If climate change starts directly killing (via factors such as malnutrition, heat stress, diarrhea, and malaria) a quarter-million people every year, that alone is 100 million deaths if it continues over the next 400 years. And that doesn’t take into account any of the indirect impacts from reduced food production, increased extreme poverty, population displacement, or disruptions in health services, nor the effects of climate change in worsening natural disasters, all of which could bump up the total by an order of magnitude. I don’t think it’s at all unreasonable to suggest that we might lose a billion or more humans to the combined effects of climate change before we manage to regain a more stable climate system. (If we ever do.)

Just because something STY like “hyperbole” doesn’t mean that it necessarily is. I agree that at present it seems quite unlikely that the human species will actually go extinct, but then, I’m not seeing any serious scientists or policymakers predicting that.

If you (generic you) want to avoid implausible hyperbole and alarmism, it’s easy to do by sticking to serious sources of climate science reporting.

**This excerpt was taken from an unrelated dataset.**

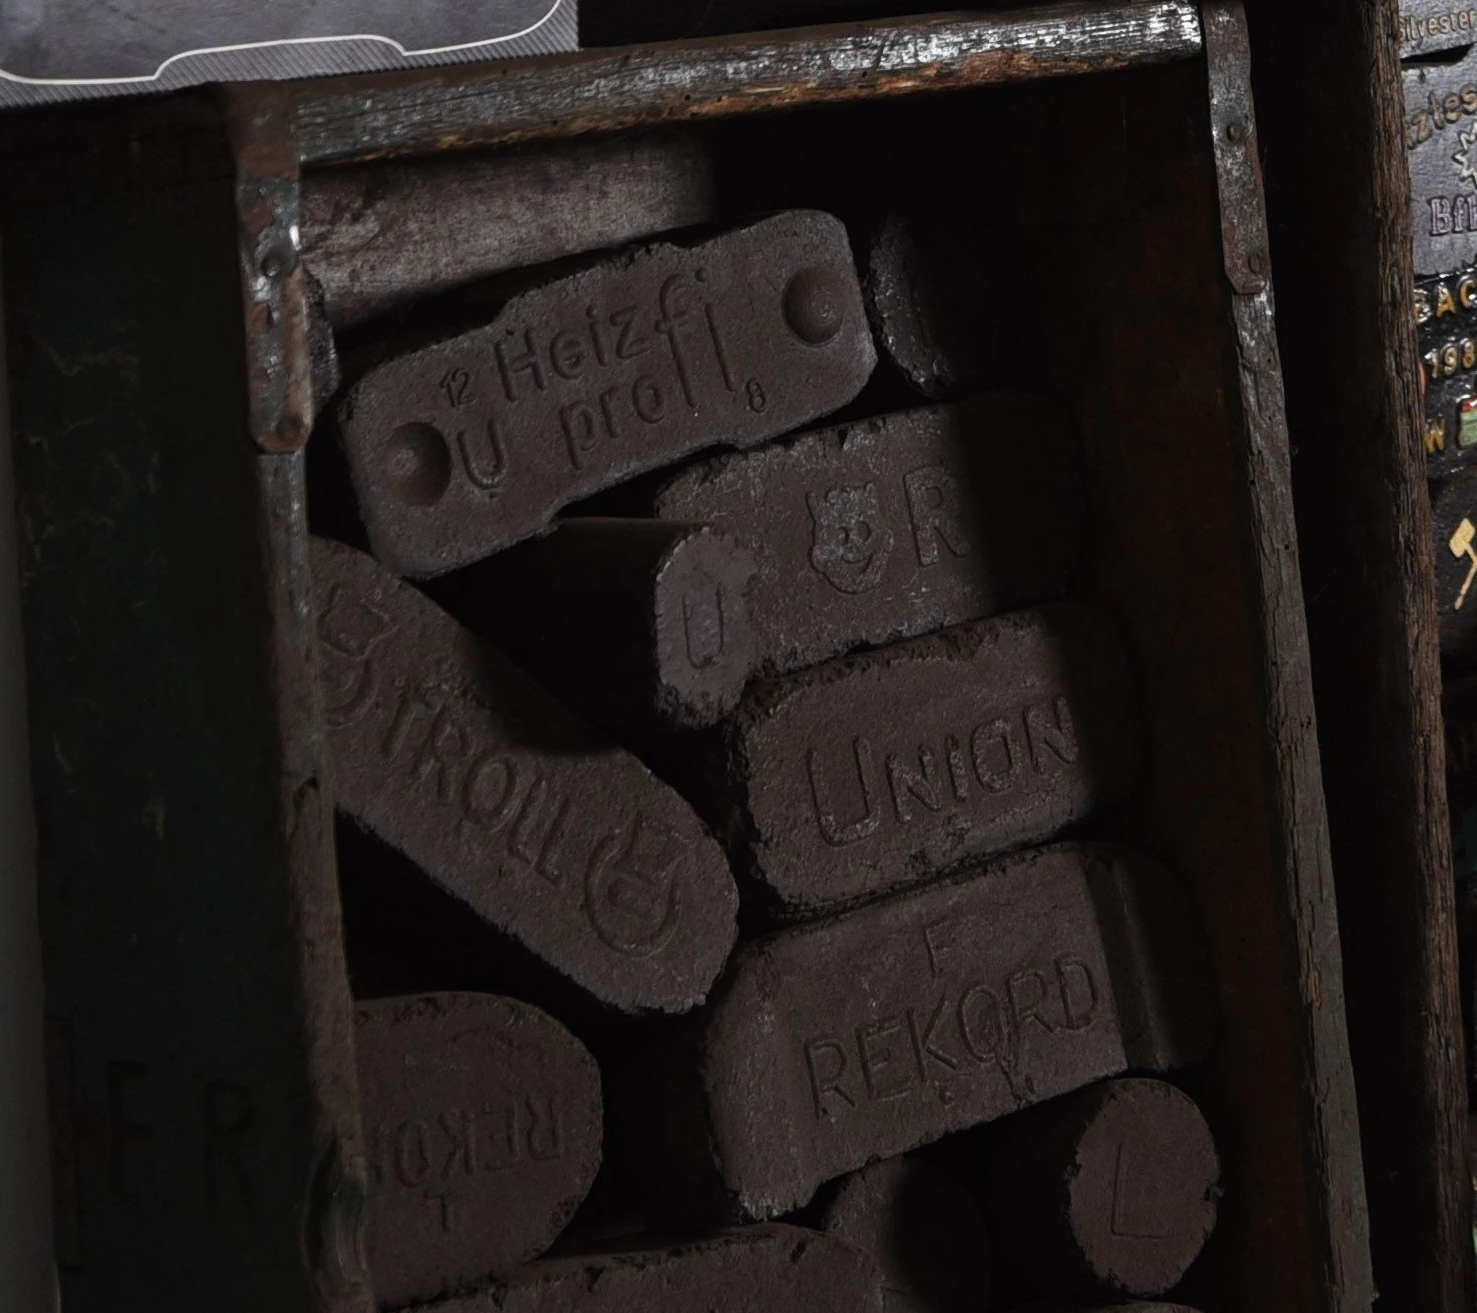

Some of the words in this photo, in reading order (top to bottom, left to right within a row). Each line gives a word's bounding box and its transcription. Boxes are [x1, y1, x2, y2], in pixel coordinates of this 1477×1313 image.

[381, 677, 572, 887] TROLL
[807, 695, 1079, 848] UNION
[802, 951, 1099, 1120] REKORD

But you need to guard against the tendency to dismiss some prediction as “hyperbole” or “alarmism” just because your own naive and ignorant assumptions about the short term make it sound unrealistic.

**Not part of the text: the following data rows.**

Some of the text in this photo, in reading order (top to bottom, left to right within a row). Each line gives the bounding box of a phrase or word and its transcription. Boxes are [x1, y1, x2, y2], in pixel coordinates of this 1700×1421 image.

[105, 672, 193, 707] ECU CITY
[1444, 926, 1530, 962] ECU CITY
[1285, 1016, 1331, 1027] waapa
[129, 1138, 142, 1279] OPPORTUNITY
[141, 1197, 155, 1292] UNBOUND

Let’s try this advice out. Here is the snippet of your post that attempts to defend the “billions will likely die” quote from before:

You say that those things “could bump up the total by an order of magnitude”. Did you read that in one of your “serious sources of climate science reporting”? If so, which one? What was the probability that it actually would “bump up the total by an order of magnitude” (a whole lot of things are possible or “could” happen, but I’m more interested in what’s “likely” or probable). Or is this just a gut feeling for you?

Better than belittle, disparage, minimize, or poor-mouthing the science.

Again, it is clear that that is what Lomborg is doing. And again: you fell for it.